Integrates well into OR environment and easy to maintain and sterilise.

_Outcome02

I enabled Revolve's multi-device deployment vision by developing a hierarchical status indicator system, enabling multiple OR staff to efficiently monitor multiple devices concurrently.

The OR presented a complex information architecture challenge: multiple devices, multiple staffers and users, and a high-stakes, high-stress situation.

Key to success was understanding the behaviour of our specialist users: the laparoscopic procedure meant operators focused on monitor feeds rather than the surgical table itself.

One key innovation: a primary status indicator within the general monitor viewing area up on the device’s “mast”, while detailed diagnostics remained accessible but unobtrusive near table level.
Typical vision area
The mast indicator innovation was one part of multiple, exhaustive rounds of thorough systemic mapping of the Revolve device's information architecture, cross-checking user behaviours with opportunities to improve product safety and regulatory compliance.
The indicator hierarchy system enabled efficient triage in high-stress environments, and would vastly scale the capabilities of surgeons and their assistive staff in operating environments.
_Outcome03

I guided safe user behaviour and ensured regulatory compliance by applying the new design strategy, creating a systematic visual language that communicated device affordances and informed best handling practises.

With a design approach established, it was now a matter of fleshing out the details. I needed to develop a design system that addressed each of the stakeholder requirements, and our FMEA matrix of 140 hazard cases required every design decision be made to prevent possible injury or death.

I developed a systematic, three-tier material hierarchy that encoded safety and user requirements directly into the visual language based off of practises for developing digital design systems.
_Levelsdesign
Level 1
General device housing

Light metallic grey with sandblasted appearance.
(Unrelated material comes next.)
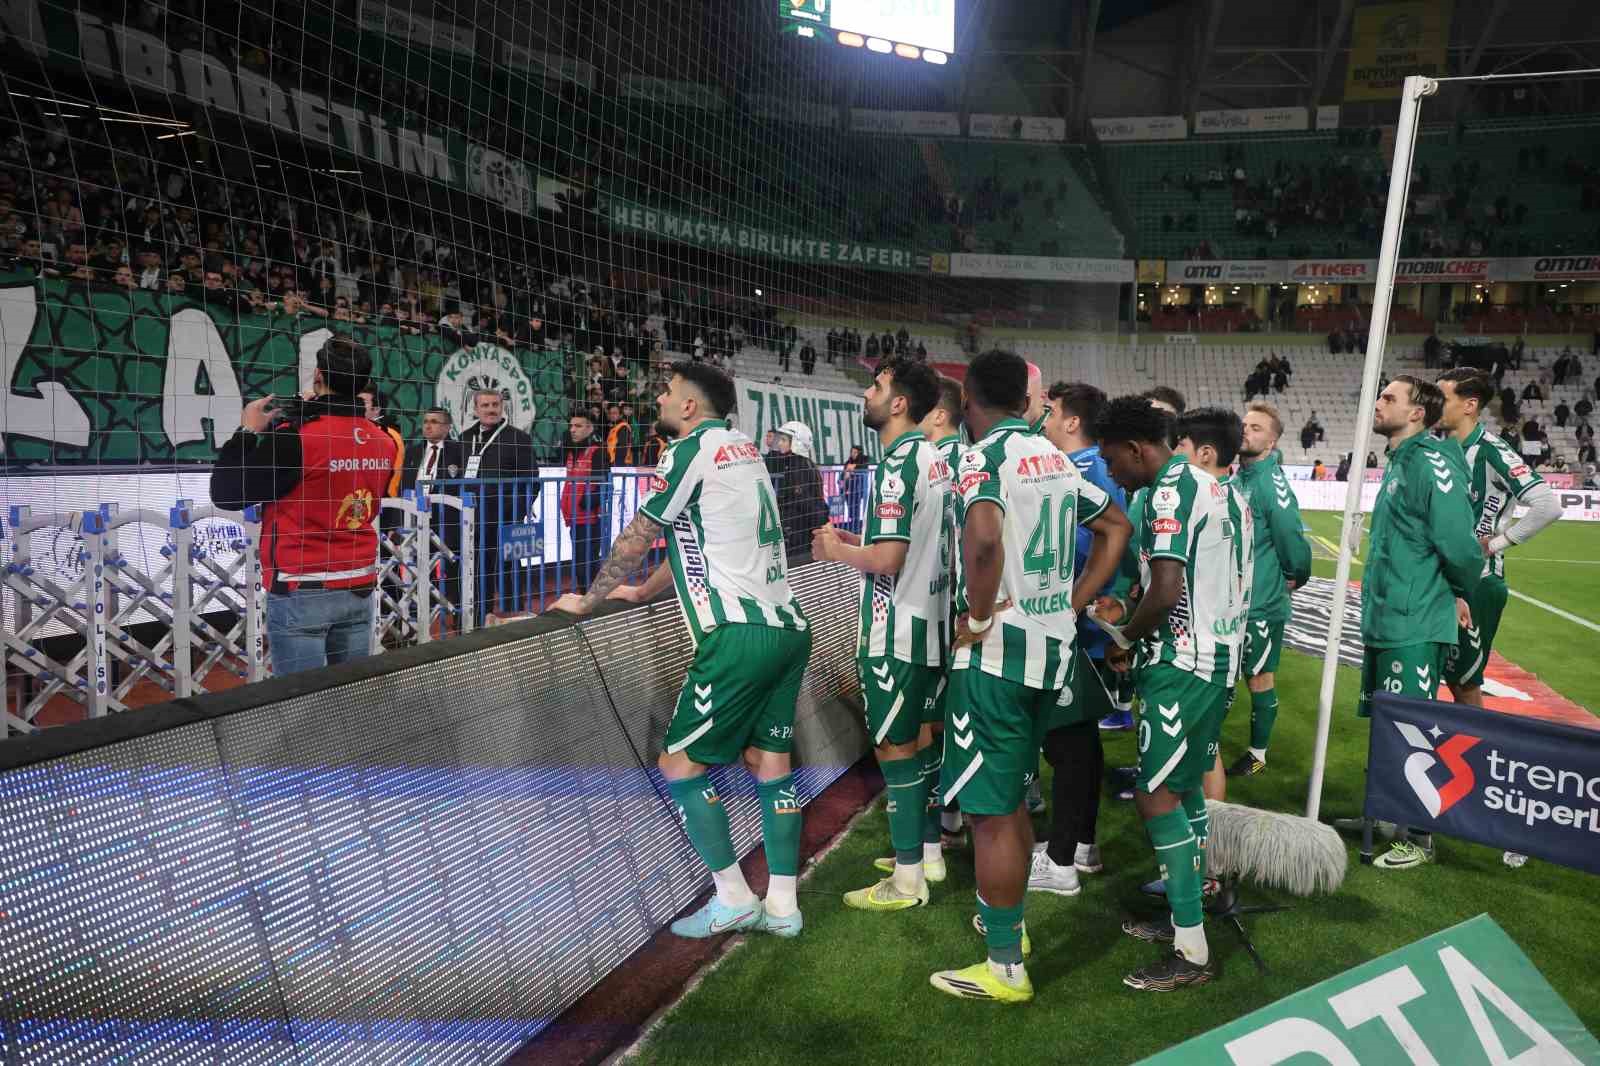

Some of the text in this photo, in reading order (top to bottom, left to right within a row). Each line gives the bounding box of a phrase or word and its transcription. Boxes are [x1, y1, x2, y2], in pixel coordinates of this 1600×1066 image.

Hospitals: Easy surface to sterilise and embodies professional medical appearance.

▲ Always nested within ▲
Level 2
Touch surfaces

Black, matte, textured appearance.

Safety: Guides proper handling behaviours and reinforces ideal operational practises.

▲ Always nested within ▲
Level 3
Control elements

White with coloured accents matching brand colours.

Users: Clear indication of affordances and control points.

The nested light-dark-light contrast ensured visibility across OR lighting conditions. Form language reinforced material cues: curved surfaces invited touch, hard edges discouraged contact.

This systematic approach transformed 140 regulatory constraints from design limitations into the foundation of visual coherence, ensuring every aesthetic choice served both usability and life-critical safety requirements.

By Q3 2024, Revolve was presenting the system at major medical trade shows, demonstrating the market confidence enabled by having a unified product vision.

Overhead view of of twinned Revolve Surgical System over an operating bed

The comprehensive product vision enabled Revolve to confidently articulate their value proposition to investors and partners, supporting their transition from stealth to public launch.

By providing clear design direction for a first production-ready unit and investor materials, the framework positioned the company for Series A preparation while enabling immediate trade show exhibitions and regulatory milestone achievement.